Pictures aside, write every record out again word for word.

Data provided Block Start

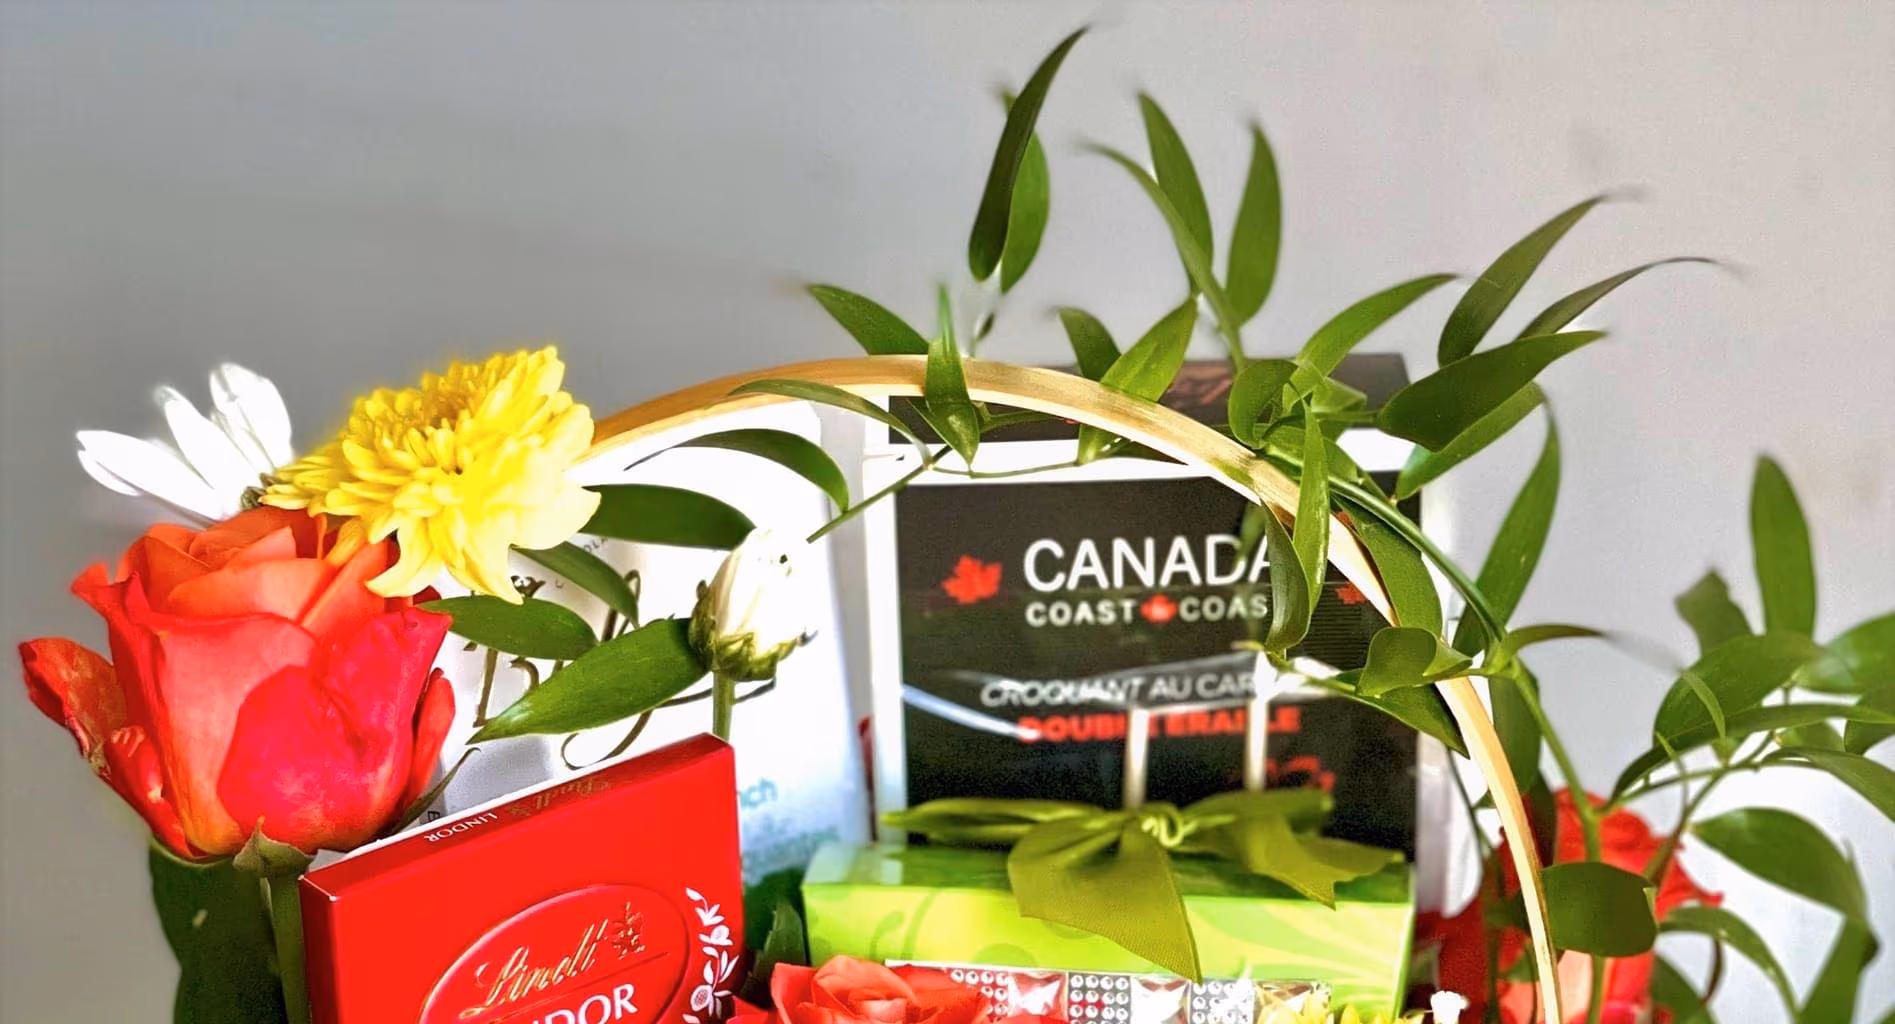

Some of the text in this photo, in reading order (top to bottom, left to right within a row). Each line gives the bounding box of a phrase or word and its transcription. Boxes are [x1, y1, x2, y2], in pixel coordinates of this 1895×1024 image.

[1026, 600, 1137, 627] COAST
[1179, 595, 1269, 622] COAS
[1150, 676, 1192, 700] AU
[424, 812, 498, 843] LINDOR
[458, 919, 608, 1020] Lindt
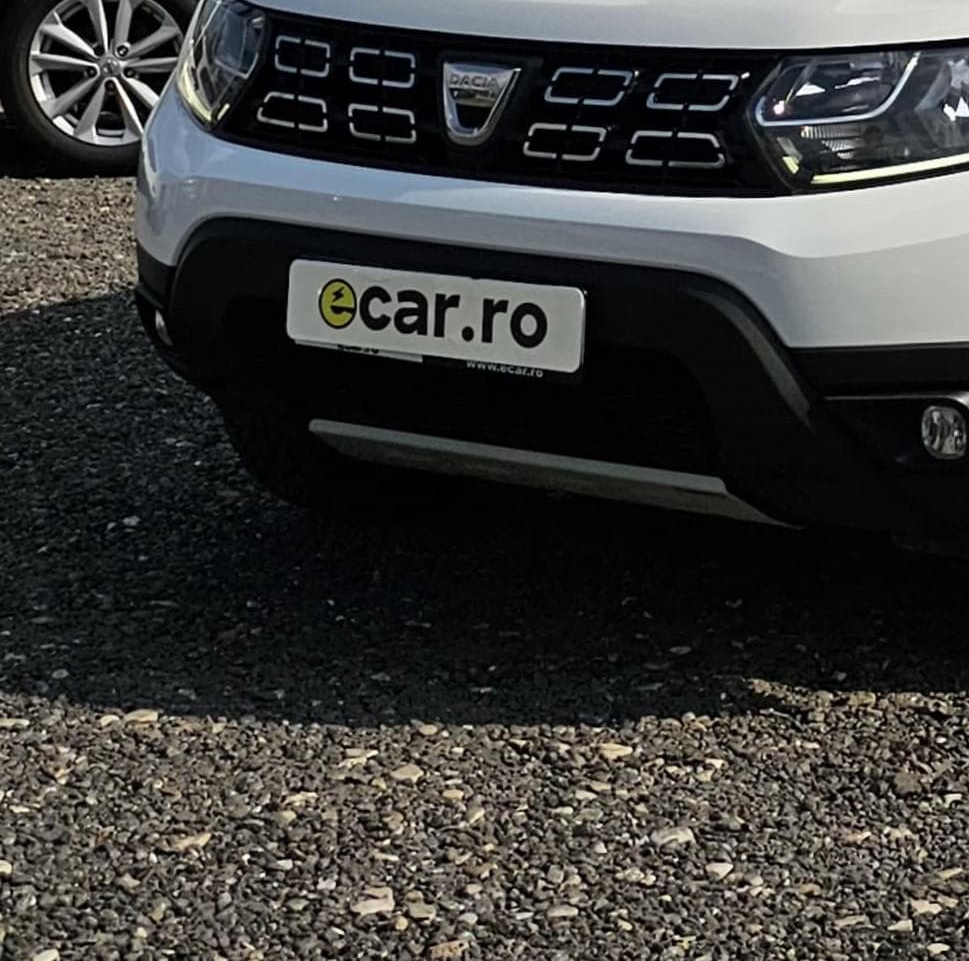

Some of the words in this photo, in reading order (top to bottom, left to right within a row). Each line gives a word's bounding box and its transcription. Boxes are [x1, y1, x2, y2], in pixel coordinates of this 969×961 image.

Data provided Block End

Answer box »
Some of the text in this photo, in reading order (top to bottom, left to right within a row). Each line gives the bounding box of a phrase or word and its transcription. Boxes are [x1, y1, x2, y2], in pixel coordinates of this 1895×1024 image.

[1026, 600, 1137, 627] COAST
[1179, 595, 1269, 622] COAS
[1150, 676, 1192, 700] AU
[424, 812, 498, 843] LINDOR
[458, 919, 608, 1020] Lindt

Some of the words in this photo, in reading order (top to bottom, left to right within a row). Each line gives a word's bounding box and its transcription. Boxes are [x1, y1, x2, y2], in pixel coordinates of this 969×961 image.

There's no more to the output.